Rob Hausam (Jan 24 2018 at 02:59):
I definitely agree with your point about (not) splitting it across the two - it's just that so far in FHIR we've mostly kept it in the terminology.
Grahame Grieve (Jan 24 2018 at 03:52):
long term, I believe that the only real solution is to reconcile the information and terminology models so they fully align. (e.g. define specific terminology for FHIR resources). But (before you all flip): there is no practical pathway towards that for many many reasons
Jeremy Rogers (Jan 24 2018 at 11:35):
Russell - I'd agree that in a purist clinical context there's not a lot of value in (and, correspondingly, very little operational use by clinicians of the notion of) statements to record that a patient is believed not to have some specific allergy or significant exposure reaction risk at some instant in time. The traditional catch-call expression of 'no known allergies' very obviously recognises the possibility that this information may be incomplete or wrong from the outset, or change over time even if completely true once. Caveat Lector.

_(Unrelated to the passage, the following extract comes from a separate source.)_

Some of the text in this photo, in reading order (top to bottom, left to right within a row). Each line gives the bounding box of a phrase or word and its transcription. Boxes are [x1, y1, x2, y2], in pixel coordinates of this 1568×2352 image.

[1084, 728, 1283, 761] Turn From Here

As PJ says, the use case for this particular flavour of 'absence of <specified risk>' documentation may come more from social care settings. For example, school safeguarding records may need to record, for every attending child, the positive statement that they're not allergic to each common food allergen in order to justify a school policy of not prohibiting and policing their exclusion from all student lunchboxes. A catch-all entry of e.g. 429625007|No known food allergy| probably no longer provides sufficient granularity to allow a sane food allergen prohibition policy to be devised, now that food allergy is so much more common and recognised and nobody wants a policy where every single potential food allergen must be excluded from the canteen, because you don't know exactly which ones its actually safe to admit.

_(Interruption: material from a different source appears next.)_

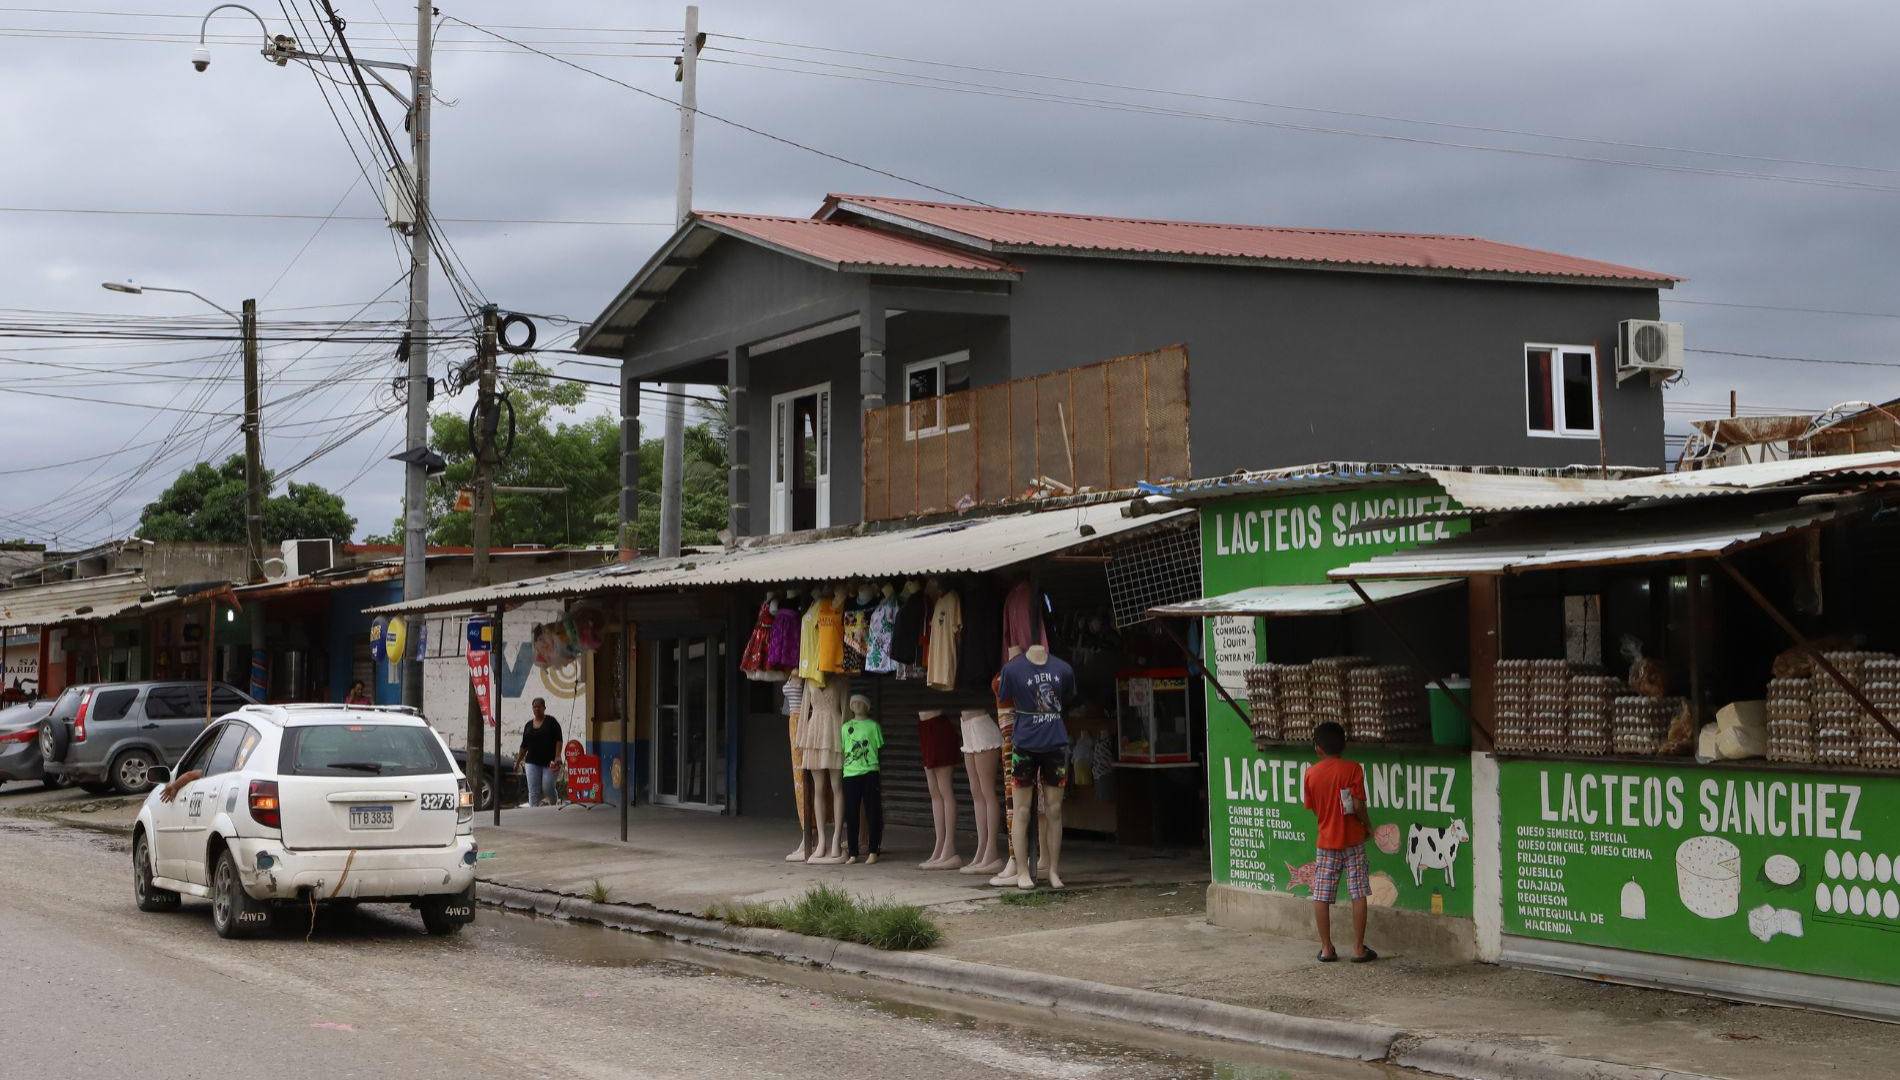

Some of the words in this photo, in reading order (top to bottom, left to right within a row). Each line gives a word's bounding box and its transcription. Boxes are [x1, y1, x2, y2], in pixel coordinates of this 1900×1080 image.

Of course, that whole-school record doesn't guarantee that no child could possibly turn blue the next time they encounter a kiwi fruit in the canteen. But, in that eventuality, the school would be able to defend itself: it becomes a far less likely adverse event than had they not bothered to establish the food allergy status of the entire school body at all and then design a bepoke allergen avoidance policy to fit, year on year. Risk mitigation, not risk obviation.
Similar safeguarding concerns and risk mitigation methods probably increasingly apply in care environments beyond the mainstream schooling (or recreational club) ones and that overlap more with mainstream clinical care, such as residential care homes. Hence I guess the possibility of needing to transfer safeguarding information of that granularity whenever care is transferred.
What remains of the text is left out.